-- Opening Marker --

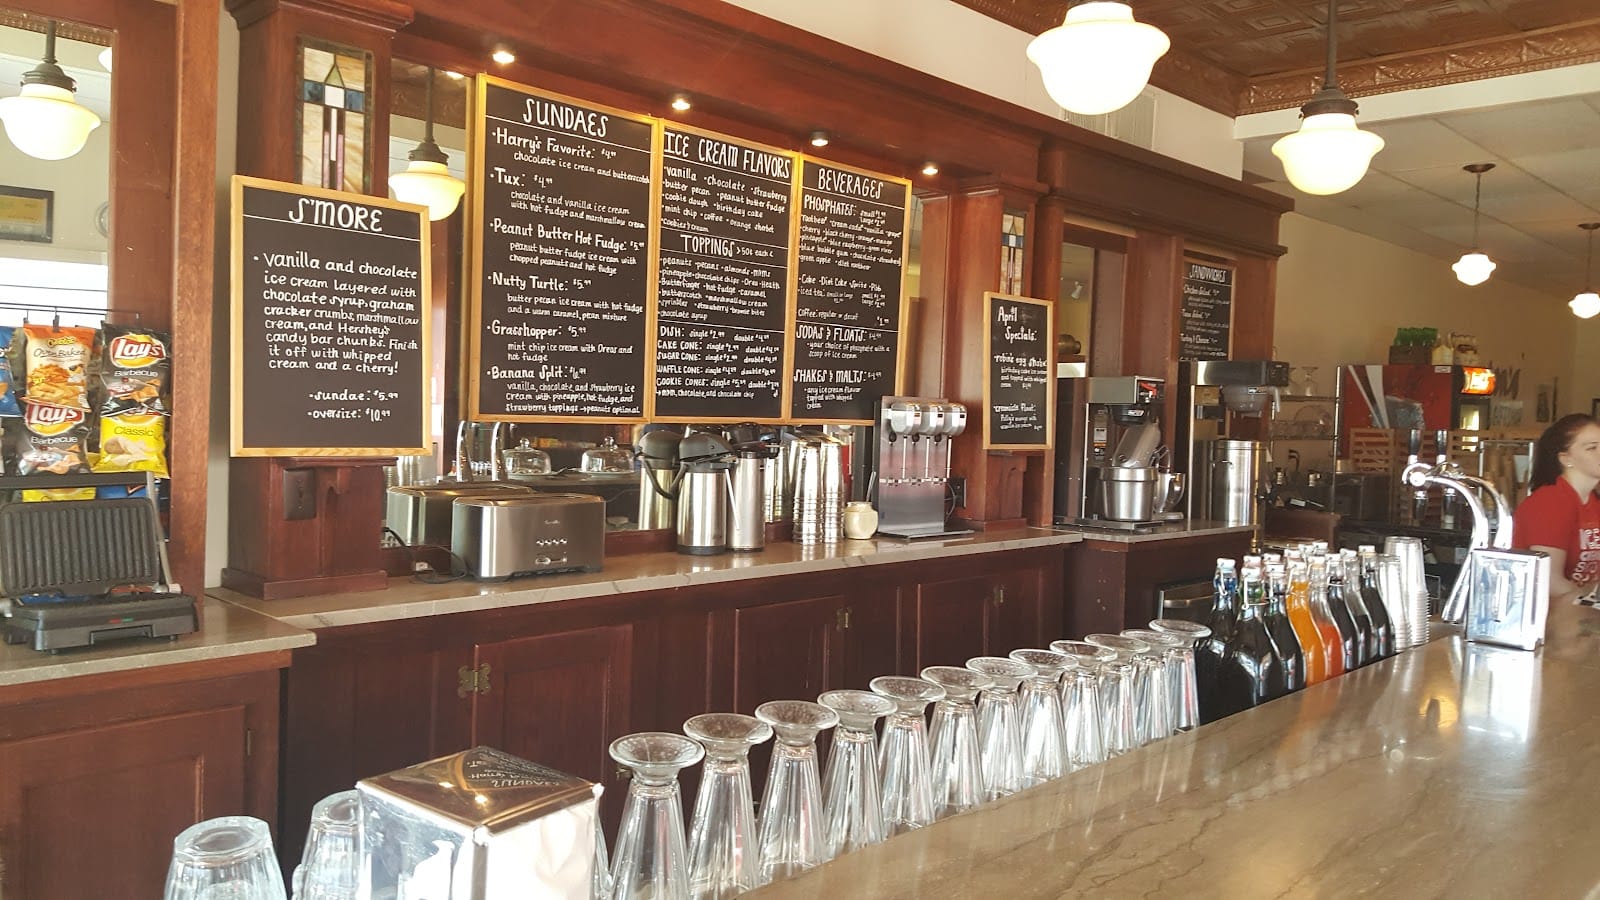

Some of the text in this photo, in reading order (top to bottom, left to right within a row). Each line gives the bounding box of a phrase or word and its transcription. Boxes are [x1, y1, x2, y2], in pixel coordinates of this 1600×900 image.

[523, 99, 608, 137] SUNDAES
[664, 131, 790, 179] ICE CREAM FLAVORS
[818, 168, 883, 199] BEVERAGES
[804, 195, 856, 216] PHOSPHATES:
[289, 198, 383, 232] S'MORE
[680, 234, 734, 257] TOPPINGS
[264, 251, 417, 279] vanilla and chocolate
[264, 271, 416, 297] ice cream layered with
[263, 289, 327, 304] chocolate
[369, 301, 414, 312] graham
[264, 306, 312, 317] cracker
[998, 306, 1017, 326] April
[309, 321, 333, 331] and
[338, 323, 390, 338] Hershey's
[660, 326, 684, 337] DISH:
[796, 325, 824, 338] SODAS
[833, 330, 867, 342] FLOATS:
[266, 333, 418, 350] candy bar chunks. Finish
[658, 340, 702, 350] CAKE CONE:
[269, 345, 392, 363] it off with whipped
[657, 352, 700, 360] SUGAR CONE:
[269, 360, 310, 369] cream
[316, 361, 337, 370] and
[356, 361, 399, 375] cherry!
[657, 365, 703, 374] WAFFLE CONE:
[794, 369, 827, 382] SHAKES
[836, 371, 866, 382] MALTS:
[657, 378, 681, 386] COOKIE

-- Closing Marker --

- [About this exercise]
In your copy of the entries above, leave out the pictures and keep every word exact.

- [Solution for this task]
Some of the text in this photo, in reading order (top to bottom, left to right within a row). Each line gives the bounding box of a phrase or word and its transcription. Boxes are [x1, y1, x2, y2], in pixel coordinates of this 1600×900 image.

[523, 99, 608, 137] SUNDAES
[664, 131, 790, 179] ICE CREAM FLAVORS
[818, 168, 883, 199] BEVERAGES
[804, 195, 856, 216] PHOSPHATES:
[289, 198, 383, 232] S'MORE
[680, 234, 734, 257] TOPPINGS
[264, 251, 417, 279] vanilla and chocolate
[264, 271, 416, 297] ice cream layered with
[263, 289, 327, 304] chocolate
[369, 301, 414, 312] graham
[264, 306, 312, 317] cracker
[998, 306, 1017, 326] April
[309, 321, 333, 331] and
[338, 323, 390, 338] Hershey's
[660, 326, 684, 337] DISH:
[796, 325, 824, 338] SODAS
[833, 330, 867, 342] FLOATS:
[266, 333, 418, 350] candy bar chunks. Finish
[658, 340, 702, 350] CAKE CONE:
[269, 345, 392, 363] it off with whipped
[657, 352, 700, 360] SUGAR CONE:
[269, 360, 310, 369] cream
[316, 361, 337, 370] and
[356, 361, 399, 375] cherry!
[657, 365, 703, 374] WAFFLE CONE:
[794, 369, 827, 382] SHAKES
[836, 371, 866, 382] MALTS:
[657, 378, 681, 386] COOKIE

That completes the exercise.